* **Exercise details**:
A faithful, complete transcript of the entries below, without pictures, should be returned.

(Study material Opens)

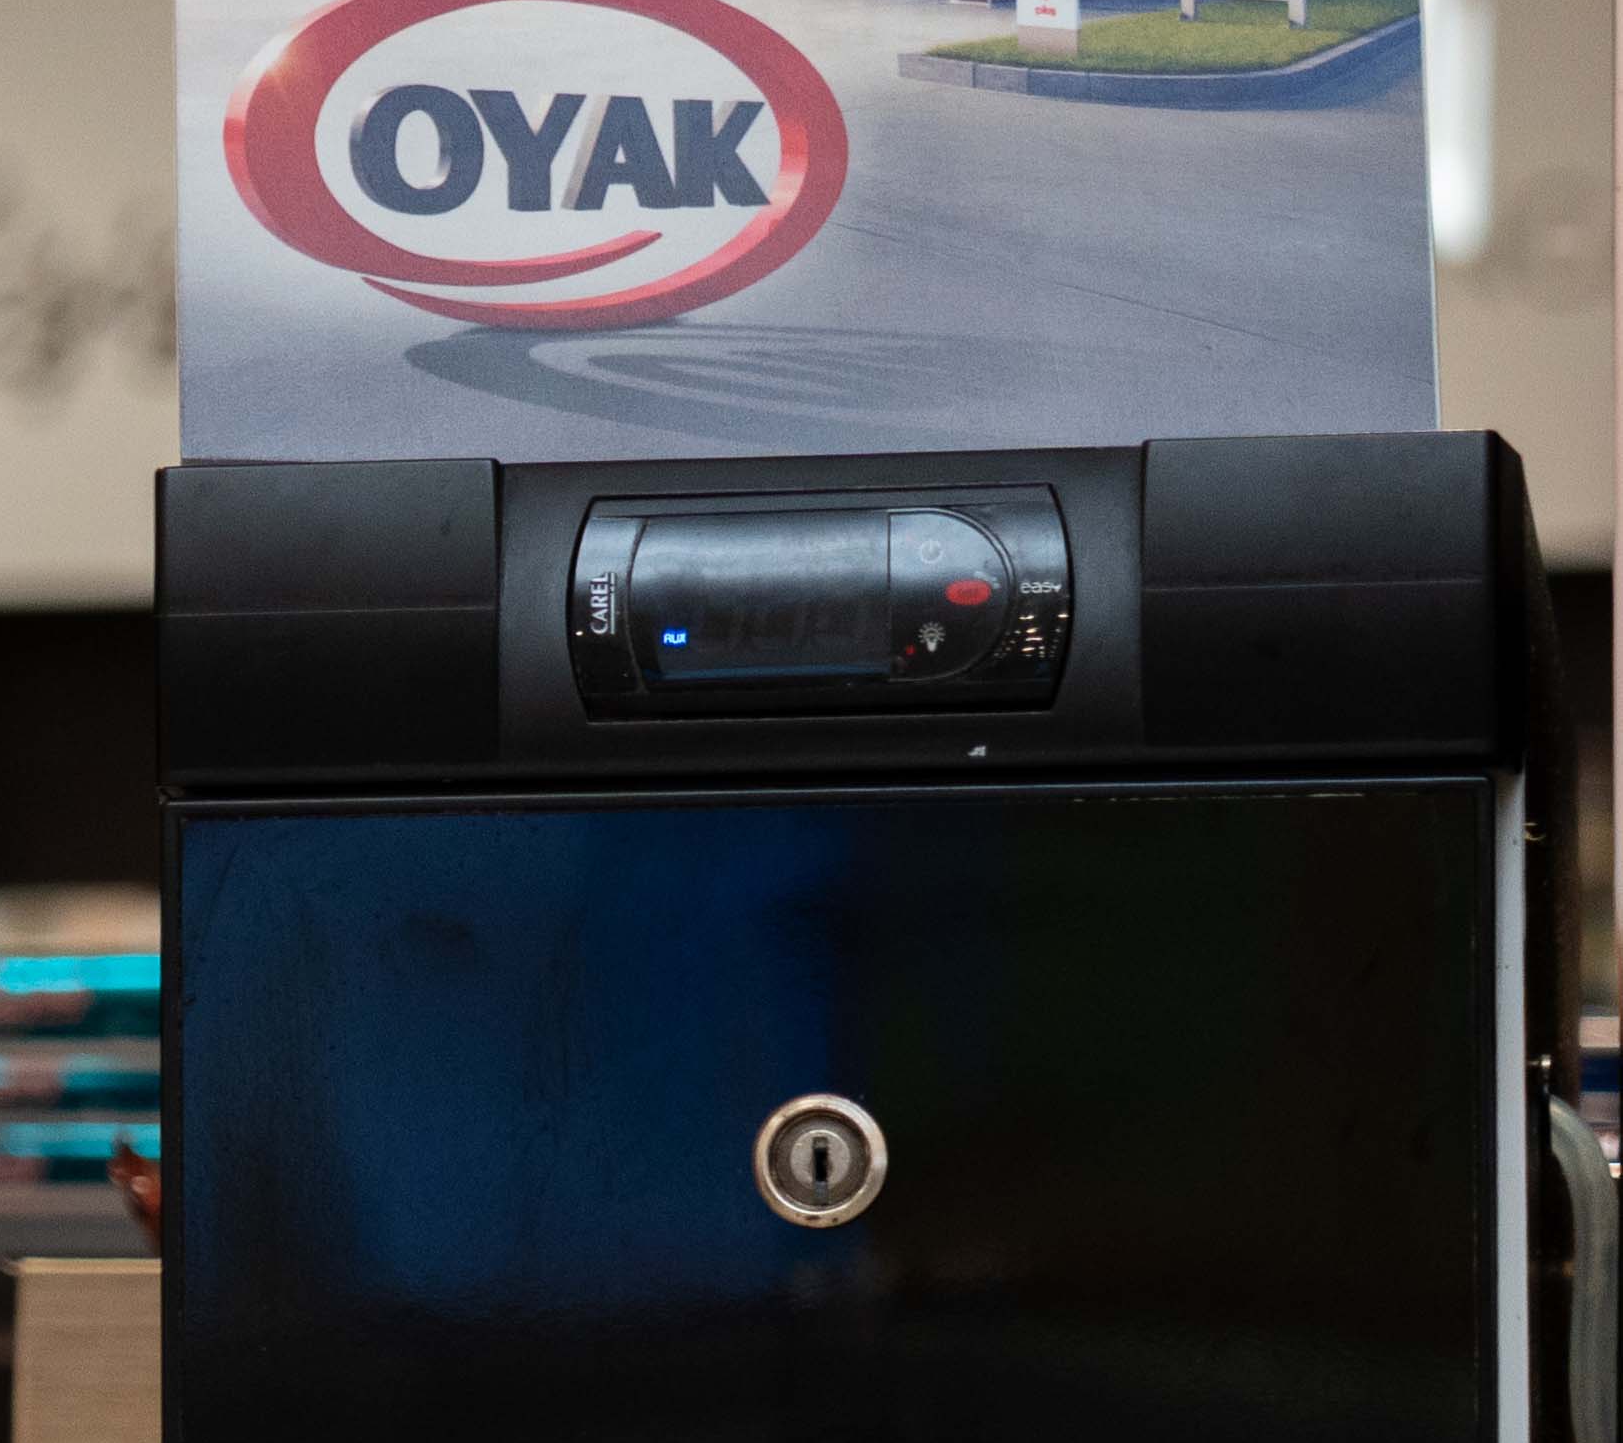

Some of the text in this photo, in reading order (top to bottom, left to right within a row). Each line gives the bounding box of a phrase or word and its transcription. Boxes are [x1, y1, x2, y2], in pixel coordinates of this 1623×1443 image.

[349, 83, 772, 215] OYAK
[590, 572, 610, 636] CAREL
[1020, 581, 1062, 594] easy
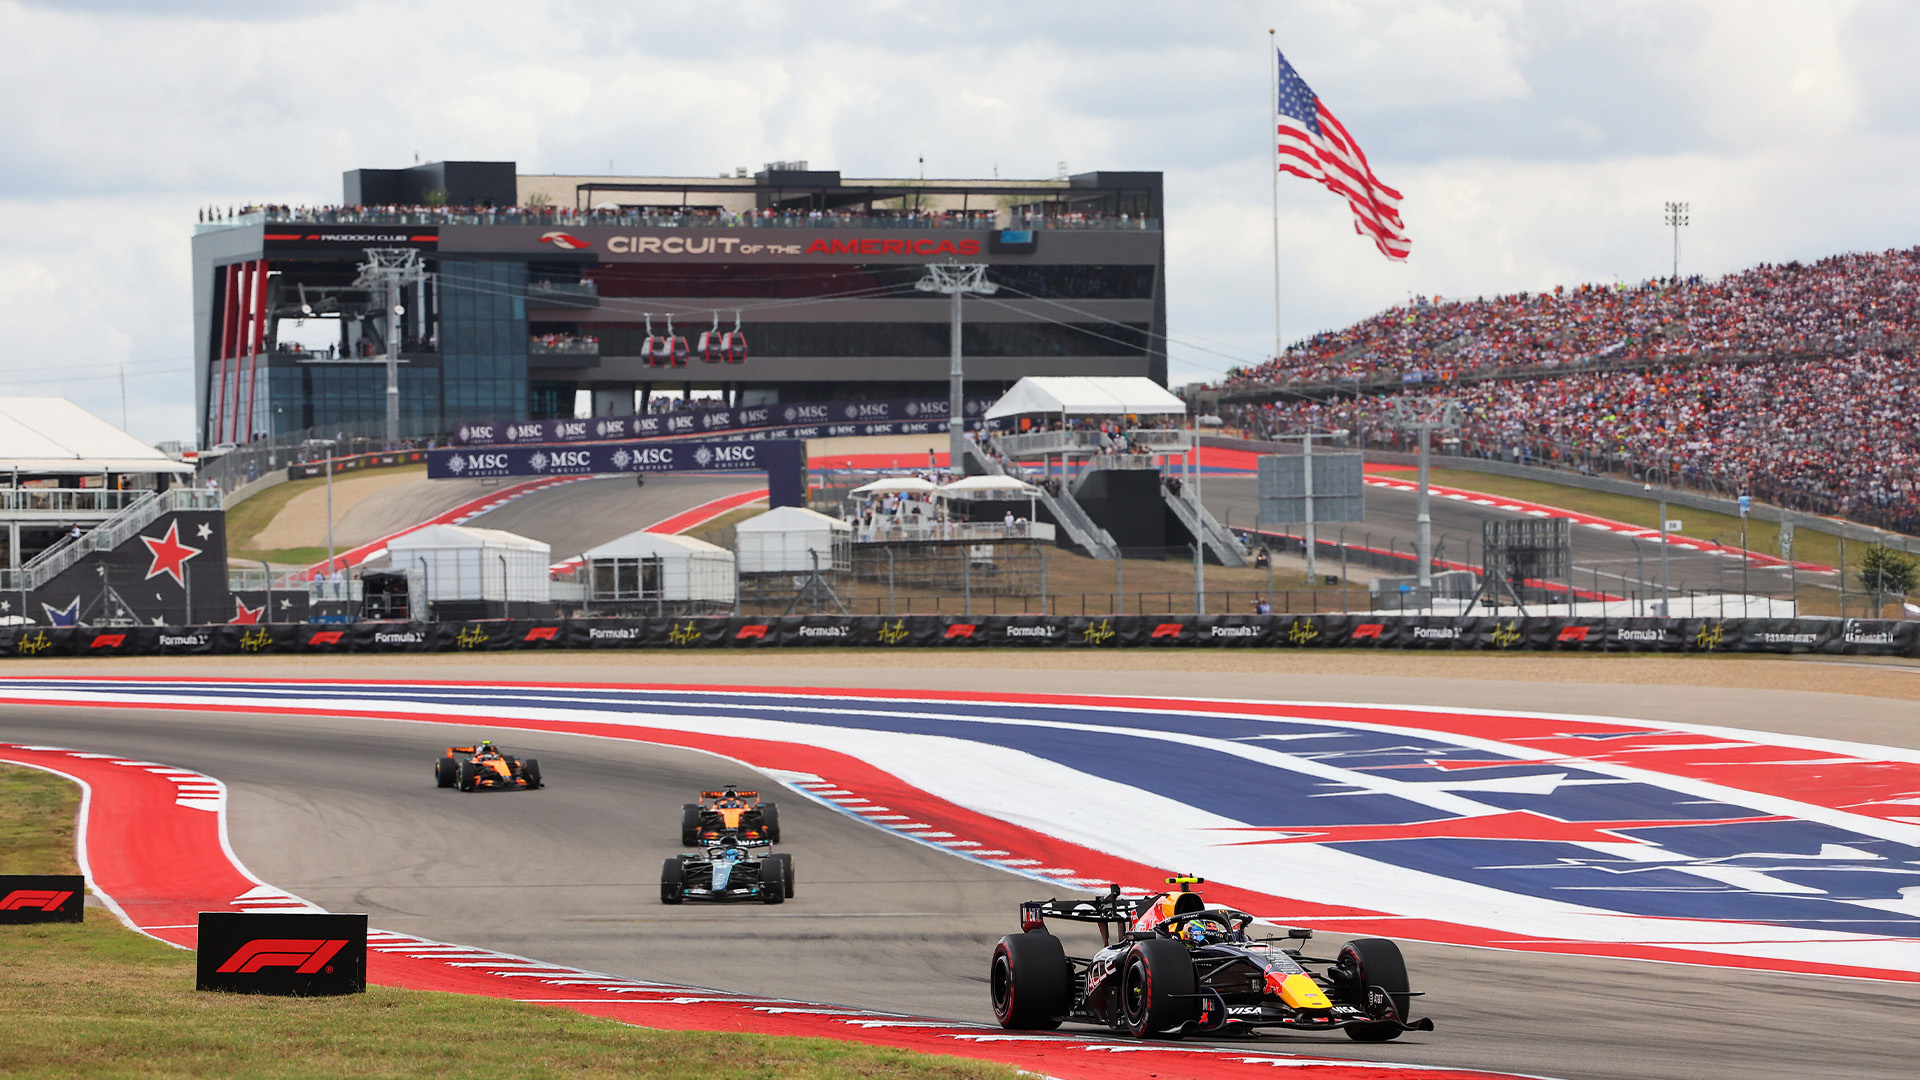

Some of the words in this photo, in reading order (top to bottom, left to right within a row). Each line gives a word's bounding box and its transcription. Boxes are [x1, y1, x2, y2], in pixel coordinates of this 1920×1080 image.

[607, 236, 740, 254] CIRCUIT
[740, 244, 762, 255] OF
[767, 244, 802, 255] THE
[806, 239, 980, 255] AMERICAS
[799, 406, 828, 418] MSC
[860, 403, 889, 416] MSC
[920, 402, 949, 413] MSC
[470, 426, 493, 439] MSC
[518, 424, 543, 438] MSC
[565, 422, 586, 436] MSC
[606, 421, 625, 434] MSC
[551, 451, 591, 467] MSC
[633, 448, 673, 464] MSC
[715, 446, 755, 462] MSC
[468, 453, 508, 470] MSC
[308, 631, 344, 645] F1
[375, 632, 415, 643] Formula
[523, 627, 559, 641] F1
[589, 628, 629, 639] Formula
[735, 625, 769, 639] F1
[799, 626, 840, 637] Formula
[944, 624, 977, 638] F1
[1007, 625, 1046, 637] Formula
[1151, 624, 1184, 638] F1
[1212, 626, 1251, 637] Formula
[1352, 624, 1385, 638] F1
[1414, 627, 1453, 638] Formula
[1556, 626, 1590, 641] F1
[1618, 628, 1656, 641] Formula
[90, 634, 126, 648] F1
[160, 635, 198, 646] Formula
[0, 890, 74, 912] F1
[216, 939, 349, 973] F1
[1227, 1007, 1262, 1015] VISA
[1331, 1006, 1361, 1014] VISA
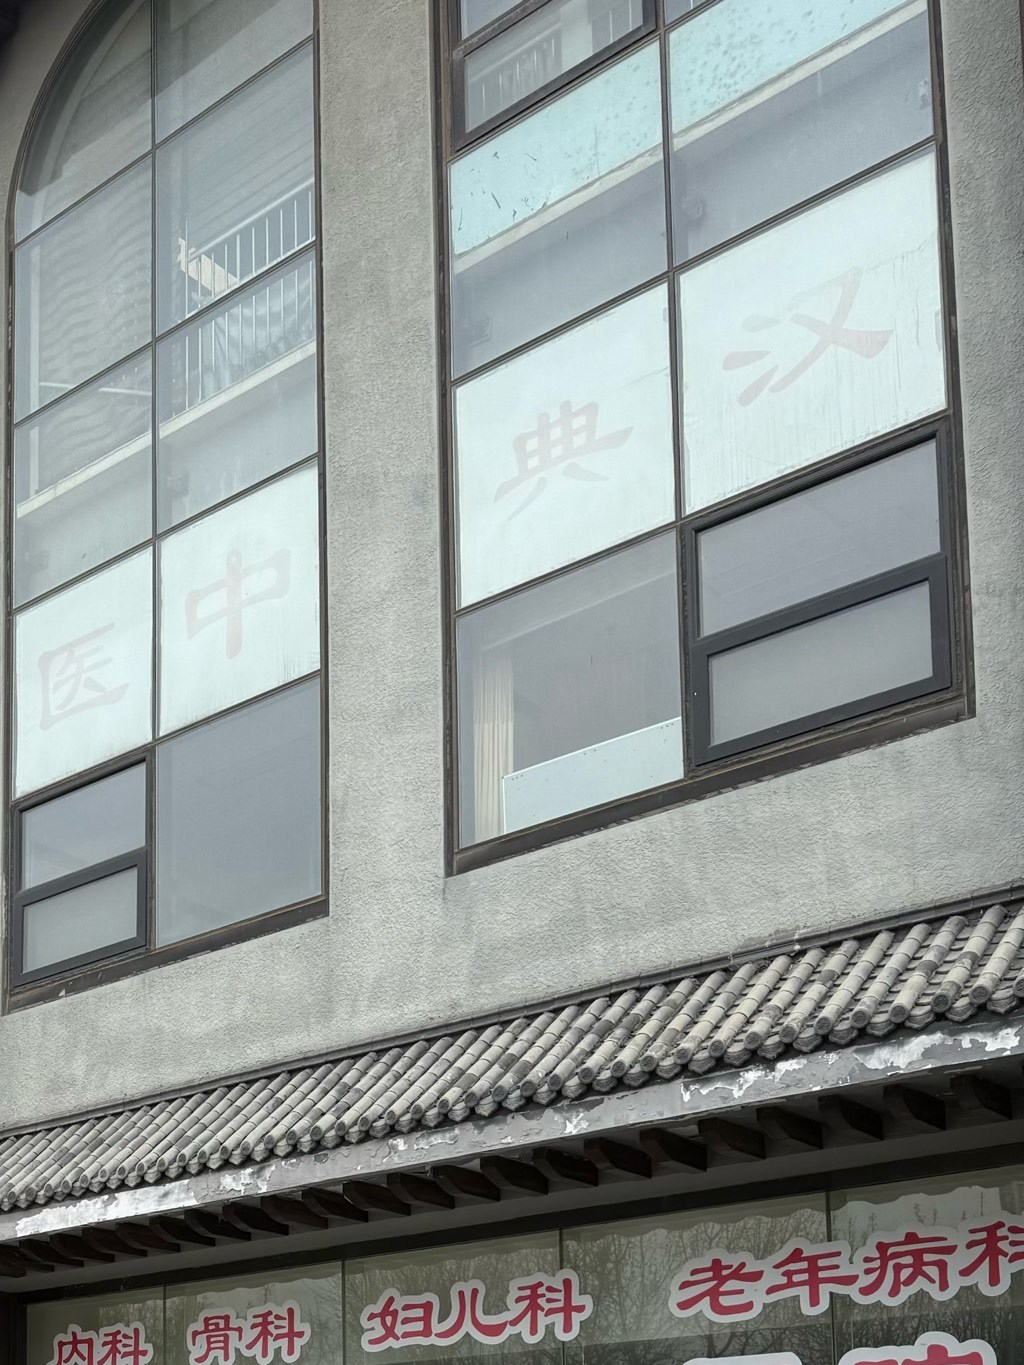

(Study material Closes)

* **Task solution**:
Some of the text in this photo, in reading order (top to bottom, left to right within a row). Each line gives the bounding box of a phrase or word and its transcription. Boxes are [x1, y1, x2, y2], in pixel coordinates of this 1623×1443 image.

[349, 83, 772, 215] OYAK
[590, 572, 610, 636] CAREL
[1020, 581, 1062, 594] easy

Some of the words in this photo, in reading order (top to bottom, left to right within a row). Each line gives a word's bounding box and its transcription. Boxes are [x1, y1, x2, y2], in pixel coordinates of this 1920×1080 image.

[607, 236, 740, 254] CIRCUIT
[740, 244, 762, 255] OF
[767, 244, 802, 255] THE
[806, 239, 980, 255] AMERICAS
[799, 406, 828, 418] MSC
[860, 403, 889, 416] MSC
[920, 402, 949, 413] MSC
[470, 426, 493, 439] MSC
[518, 424, 543, 438] MSC
[565, 422, 586, 436] MSC
[606, 421, 625, 434] MSC
[551, 451, 591, 467] MSC
[633, 448, 673, 464] MSC
[715, 446, 755, 462] MSC
[468, 453, 508, 470] MSC
[308, 631, 344, 645] F1
[375, 632, 415, 643] Formula
[523, 627, 559, 641] F1
[589, 628, 629, 639] Formula
[735, 625, 769, 639] F1
[799, 626, 840, 637] Formula
[944, 624, 977, 638] F1
[1007, 625, 1046, 637] Formula
[1151, 624, 1184, 638] F1
[1212, 626, 1251, 637] Formula
[1352, 624, 1385, 638] F1
[1414, 627, 1453, 638] Formula
[1556, 626, 1590, 641] F1
[1618, 628, 1656, 641] Formula
[90, 634, 126, 648] F1
[160, 635, 198, 646] Formula
[0, 890, 74, 912] F1
[216, 939, 349, 973] F1
[1227, 1007, 1262, 1015] VISA
[1331, 1006, 1361, 1014] VISA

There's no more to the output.